Seismic Performance of a Hybrid Building System Consisting of a Light Wood Frame Structure and a Reinforced Masonry Core

Abstract

Story limit of residential light wood-frame buildings in the province of British Columbia was raised from four to six in 2009. The increase in height leads to more flexible buildings, potentially requiring the stiffer elevator shaft and stairwell core made from reinforced masonry to reduce building deflection under lateral loads. Guidelines for designing such hybrid buildings connected with ductile connections are currently lacking. As a first step towards achieving this goal a six-story light wood-frame building was designed assuming different scenarios of attachment to a stiffer core. Seismic responses to 10 ground motions of the designed six-story light wood-frame building with and without connection to a reinforced masonry core were obtained through the use of a finite-element modeling procedure through commercial software.
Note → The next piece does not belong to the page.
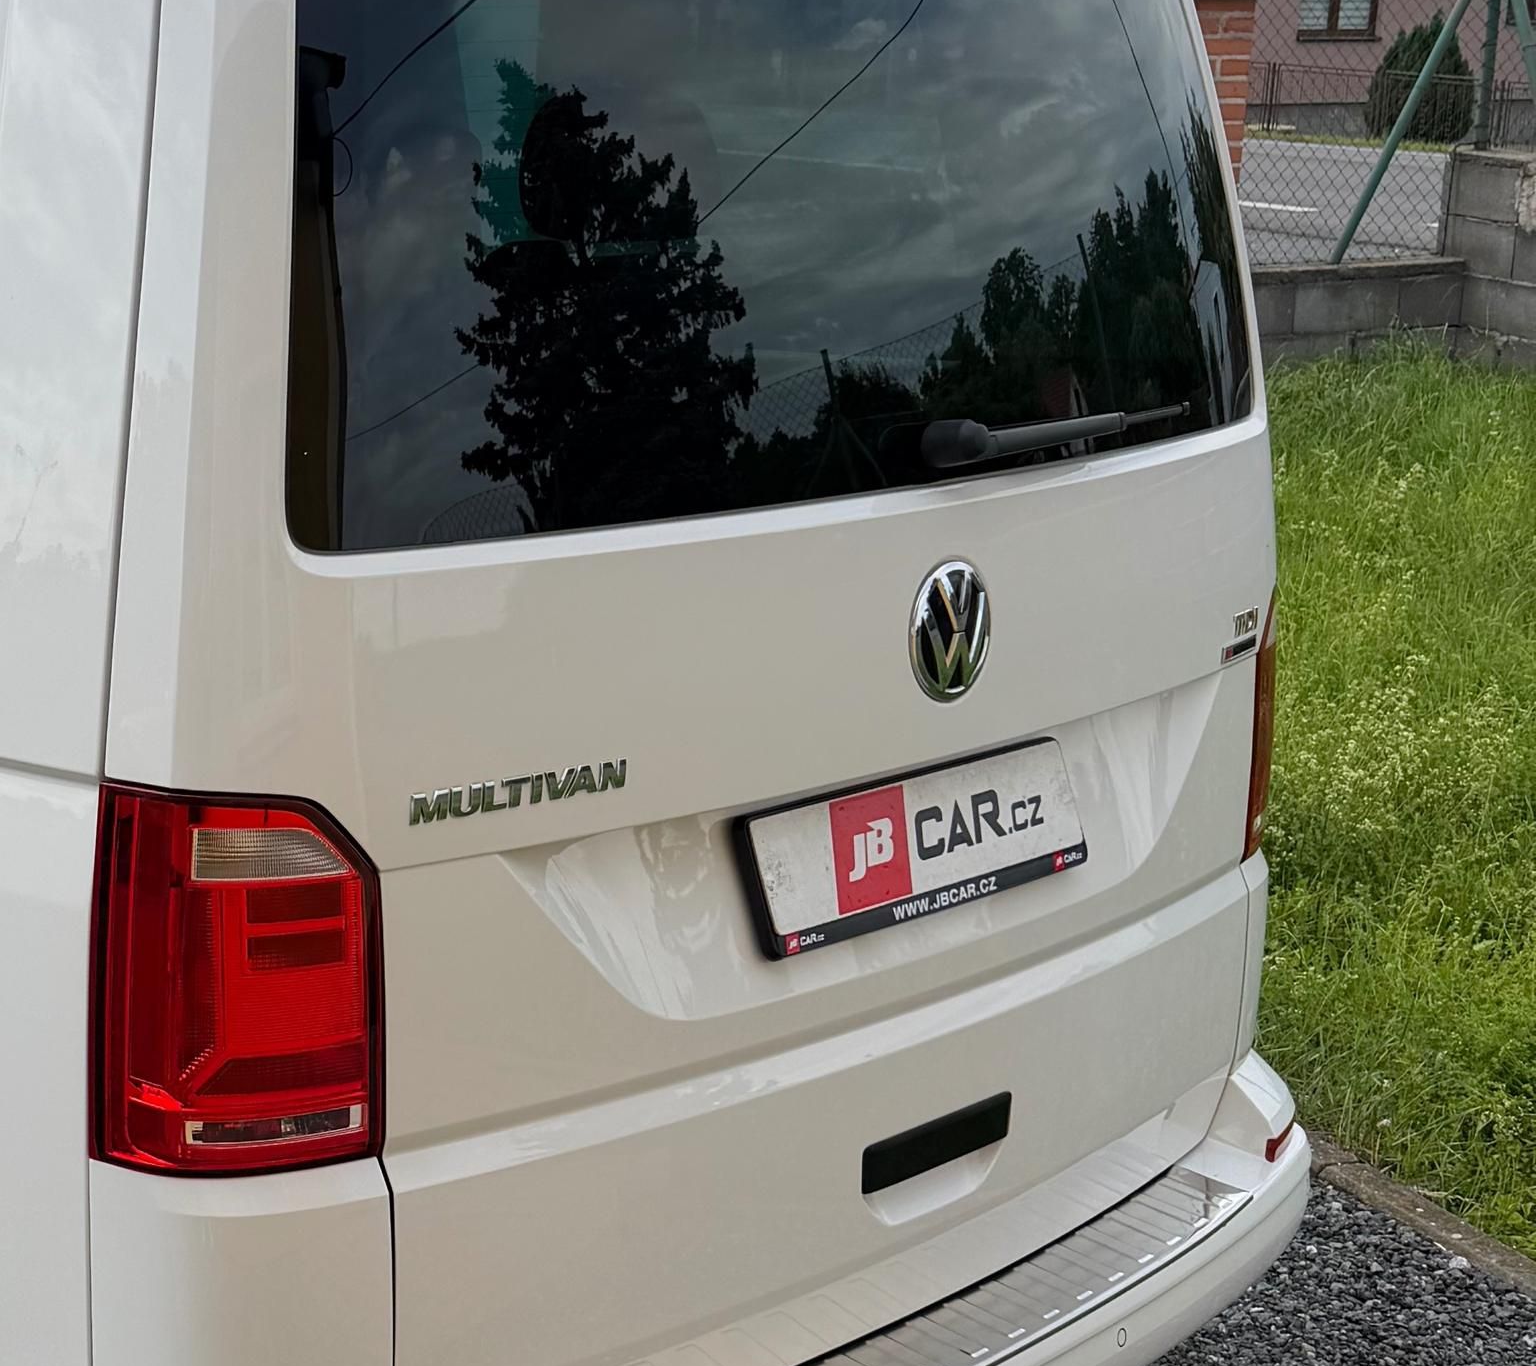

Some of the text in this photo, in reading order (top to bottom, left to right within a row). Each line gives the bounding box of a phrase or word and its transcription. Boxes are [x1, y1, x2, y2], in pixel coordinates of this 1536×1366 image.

[408, 757, 627, 827] MULTIVAN
[848, 816, 895, 883] JB
[892, 876, 998, 922] WWW.JBCAR.CZ
A user-developed subroutine to model the hysteretic performance of wood shear walls, masonry core and connections was used in the analyses. Results show that the maximum lateral drift of wood shear-wall subsystem reduces to 79, 62 and 48% on average of that of pure wood structure in hybrid buildings with masonry core designed to 25, 50 and 100% shear resistance of the wood subsystem respectively. It is concluded that seismic design of the wood subsystem in hybrid building can be based on the use of the same seismic force modification factor for light wood frame system published in the the building code.